I walked the long lonely road back towards Ocean Villas. Along the way, I heard voices inside a barn. A group was showing a film there. Hobbyists were sitting in rows of portable chairs. High up on the barn wall was the projection. The men in the film held up souvenirs to the audience. And I realized that’s what I was doing by touching the hoof of the caribou. The perversity of a souvenir.

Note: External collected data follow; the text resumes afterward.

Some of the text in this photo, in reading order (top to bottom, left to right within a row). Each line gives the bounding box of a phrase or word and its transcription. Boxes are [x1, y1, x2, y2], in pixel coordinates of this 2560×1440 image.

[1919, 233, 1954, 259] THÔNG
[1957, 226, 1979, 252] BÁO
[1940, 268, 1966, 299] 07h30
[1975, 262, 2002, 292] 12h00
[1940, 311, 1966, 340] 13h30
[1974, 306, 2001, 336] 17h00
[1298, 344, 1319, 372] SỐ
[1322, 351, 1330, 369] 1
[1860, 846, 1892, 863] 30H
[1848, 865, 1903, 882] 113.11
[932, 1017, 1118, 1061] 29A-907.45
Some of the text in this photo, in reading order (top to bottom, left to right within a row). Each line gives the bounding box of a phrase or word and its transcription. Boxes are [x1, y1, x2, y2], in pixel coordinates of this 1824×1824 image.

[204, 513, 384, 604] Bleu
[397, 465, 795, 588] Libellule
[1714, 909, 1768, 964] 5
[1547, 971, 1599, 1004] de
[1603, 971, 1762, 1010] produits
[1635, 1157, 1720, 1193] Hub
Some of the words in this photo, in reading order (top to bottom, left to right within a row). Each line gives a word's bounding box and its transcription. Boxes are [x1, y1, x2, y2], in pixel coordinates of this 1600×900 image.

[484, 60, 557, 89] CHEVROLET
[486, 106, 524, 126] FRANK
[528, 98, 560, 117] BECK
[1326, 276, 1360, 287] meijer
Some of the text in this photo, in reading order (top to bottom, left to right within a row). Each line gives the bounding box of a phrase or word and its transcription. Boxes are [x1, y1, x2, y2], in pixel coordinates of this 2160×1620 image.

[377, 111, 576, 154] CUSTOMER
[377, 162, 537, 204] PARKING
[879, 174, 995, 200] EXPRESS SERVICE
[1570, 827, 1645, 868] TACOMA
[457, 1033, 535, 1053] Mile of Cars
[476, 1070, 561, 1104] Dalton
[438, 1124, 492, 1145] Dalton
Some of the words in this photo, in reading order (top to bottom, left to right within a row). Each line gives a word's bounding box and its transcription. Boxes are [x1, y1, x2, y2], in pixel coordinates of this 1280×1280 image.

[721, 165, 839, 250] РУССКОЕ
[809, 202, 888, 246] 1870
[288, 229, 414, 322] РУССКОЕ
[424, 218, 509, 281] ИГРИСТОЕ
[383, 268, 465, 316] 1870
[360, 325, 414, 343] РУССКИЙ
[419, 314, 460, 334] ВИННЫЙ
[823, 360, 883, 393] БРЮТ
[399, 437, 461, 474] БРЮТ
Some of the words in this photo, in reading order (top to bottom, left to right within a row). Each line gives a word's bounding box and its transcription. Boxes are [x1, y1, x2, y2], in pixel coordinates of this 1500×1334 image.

The man who was doing the live narration of the film stood a few yards from the barn wall and lifted a stick to point. He stared up at the projection and said, explaining the silent footage, “The cavalry help escort the German prisoners—they had to use the cavalry for something.”
The audience laughed.
The horses, I realized, were walking along the road I was walking now. This barn wall—they were marching past it, a hundred years ago. I was watching historical footage of the very fields and town I was walking over. Those horses were pulling up the past and projecting it into the same space in the sky.
DRINK LIKE AN ANIMAL
As I walked back to my pension I thought of the men who had suggested sending Newfoundlanders to war. Walter Davidson had been the governor of the dominion. He was the son of an Irishman, and was born in Malta in 1859. He’d studied at Oxford, graduated from Cambridge, entered the civil service in Ceylon, got involved in postwar reconstruction in South Africa, was appointed governor of the Seychelles in 1904, and then married the daughter of Sir Percy Feilding.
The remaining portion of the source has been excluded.